▸ **EXERCISE OBJECTIVE**: The entries below are to be restated exactly, and their images are to be omitted.
===== MATERIAL SHOWN
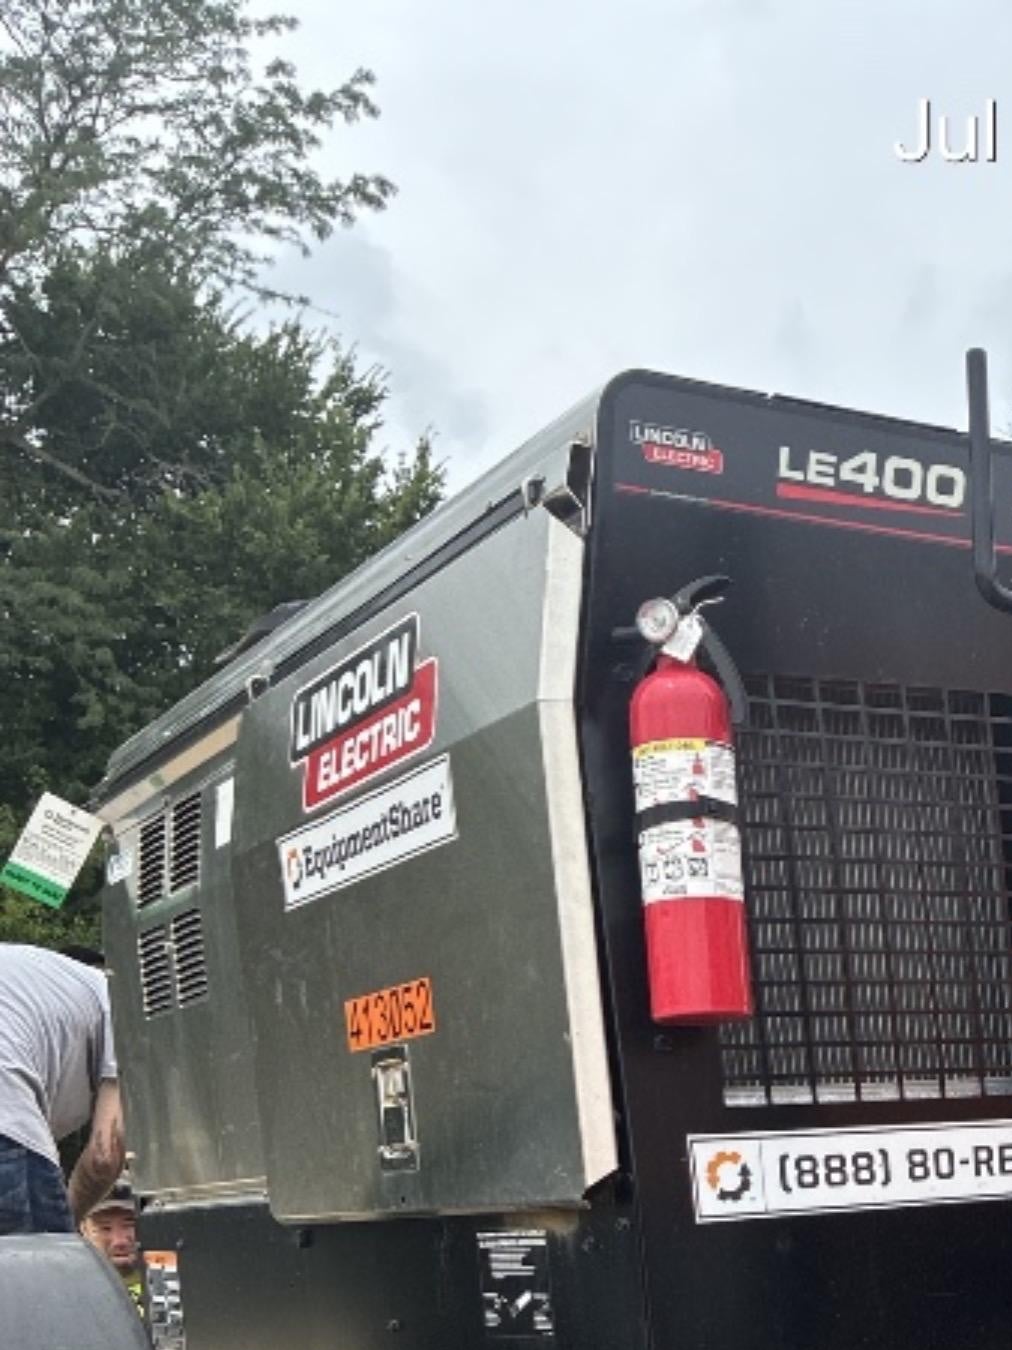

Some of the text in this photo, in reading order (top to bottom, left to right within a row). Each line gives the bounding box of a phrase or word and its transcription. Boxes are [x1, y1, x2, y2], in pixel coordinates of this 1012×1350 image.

[635, 424, 706, 451] LINCOLN
[778, 446, 966, 508] LE400
[295, 631, 411, 751] LINCOLN
[316, 697, 421, 793] ELECTRIC
[302, 792, 442, 880] EquipmentShare
[350, 979, 433, 1045] 413052
[777, 1148, 893, 1194] (888)
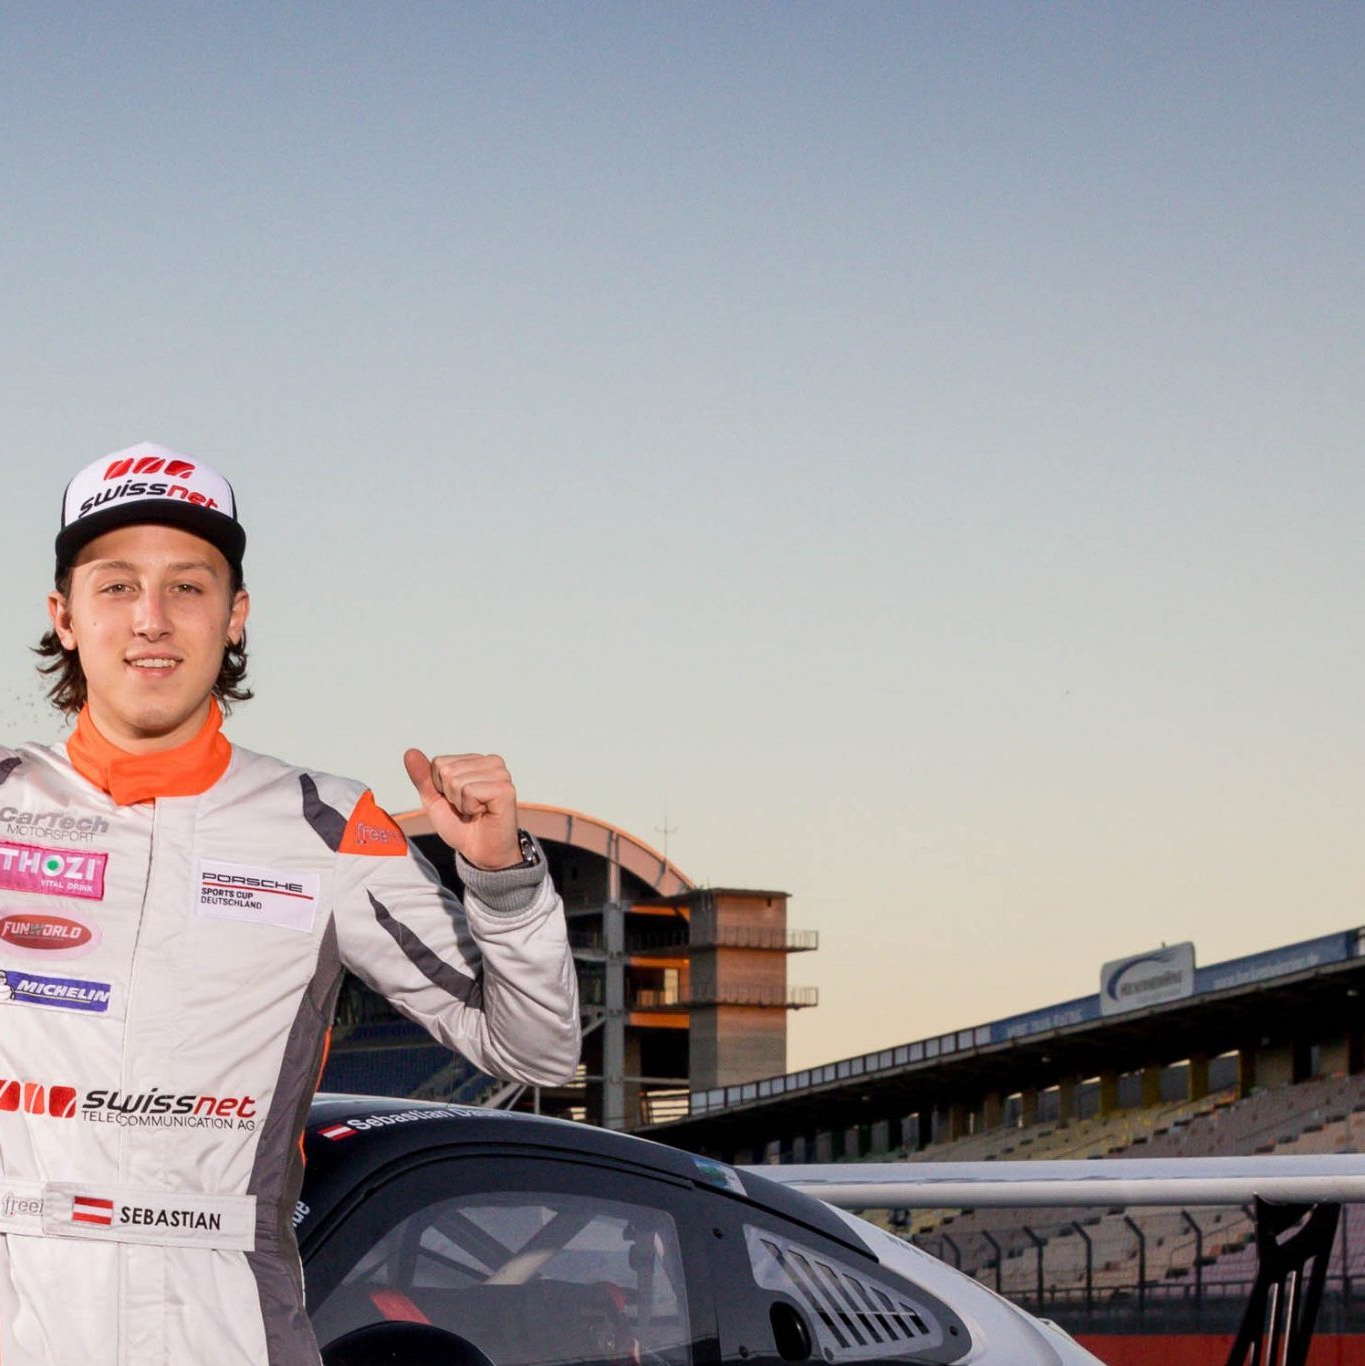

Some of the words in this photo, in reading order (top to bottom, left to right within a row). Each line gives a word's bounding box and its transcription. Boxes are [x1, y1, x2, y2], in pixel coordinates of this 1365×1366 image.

[78, 480, 218, 517] swissnet
[6, 823, 96, 843] MOTORSPORT
[40, 879, 63, 889] VITAL
[67, 882, 93, 893] DRINK
[201, 872, 303, 893] PORSCHE
[200, 896, 262, 910] DEUTSCHLAND
[201, 888, 234, 898] SPORTS
[236, 891, 253, 900] CUP
[1, 921, 82, 939] FUNWORLD
[16, 980, 110, 1003] MICHELIN
[82, 1088, 257, 1118] swissnet
[237, 1117, 256, 1131] AG
[346, 1110, 454, 1131] Sebastian
[120, 1206, 221, 1231] SEBASTIAN
==========
▸ **SOLUTION FOR THIS PROBLEM**:
Some of the text in this photo, in reading order (top to bottom, left to right within a row). Each line gives the bounding box of a phrase or word and its transcription. Boxes are [x1, y1, x2, y2], in pixel coordinates of this 1012×1350 image.

[635, 424, 706, 451] LINCOLN
[778, 446, 966, 508] LE400
[295, 631, 411, 751] LINCOLN
[316, 697, 421, 793] ELECTRIC
[302, 792, 442, 880] EquipmentShare
[350, 979, 433, 1045] 413052
[777, 1148, 893, 1194] (888)

Some of the words in this photo, in reading order (top to bottom, left to right within a row). Each line gives a word's bounding box and its transcription. Boxes are [x1, y1, x2, y2], in pixel coordinates of this 1365×1366 image.

[78, 480, 218, 517] swissnet
[6, 823, 96, 843] MOTORSPORT
[40, 879, 63, 889] VITAL
[67, 882, 93, 893] DRINK
[201, 872, 303, 893] PORSCHE
[200, 896, 262, 910] DEUTSCHLAND
[201, 888, 234, 898] SPORTS
[236, 891, 253, 900] CUP
[1, 921, 82, 939] FUNWORLD
[16, 980, 110, 1003] MICHELIN
[82, 1088, 257, 1118] swissnet
[237, 1117, 256, 1131] AG
[346, 1110, 454, 1131] Sebastian
[120, 1206, 221, 1231] SEBASTIAN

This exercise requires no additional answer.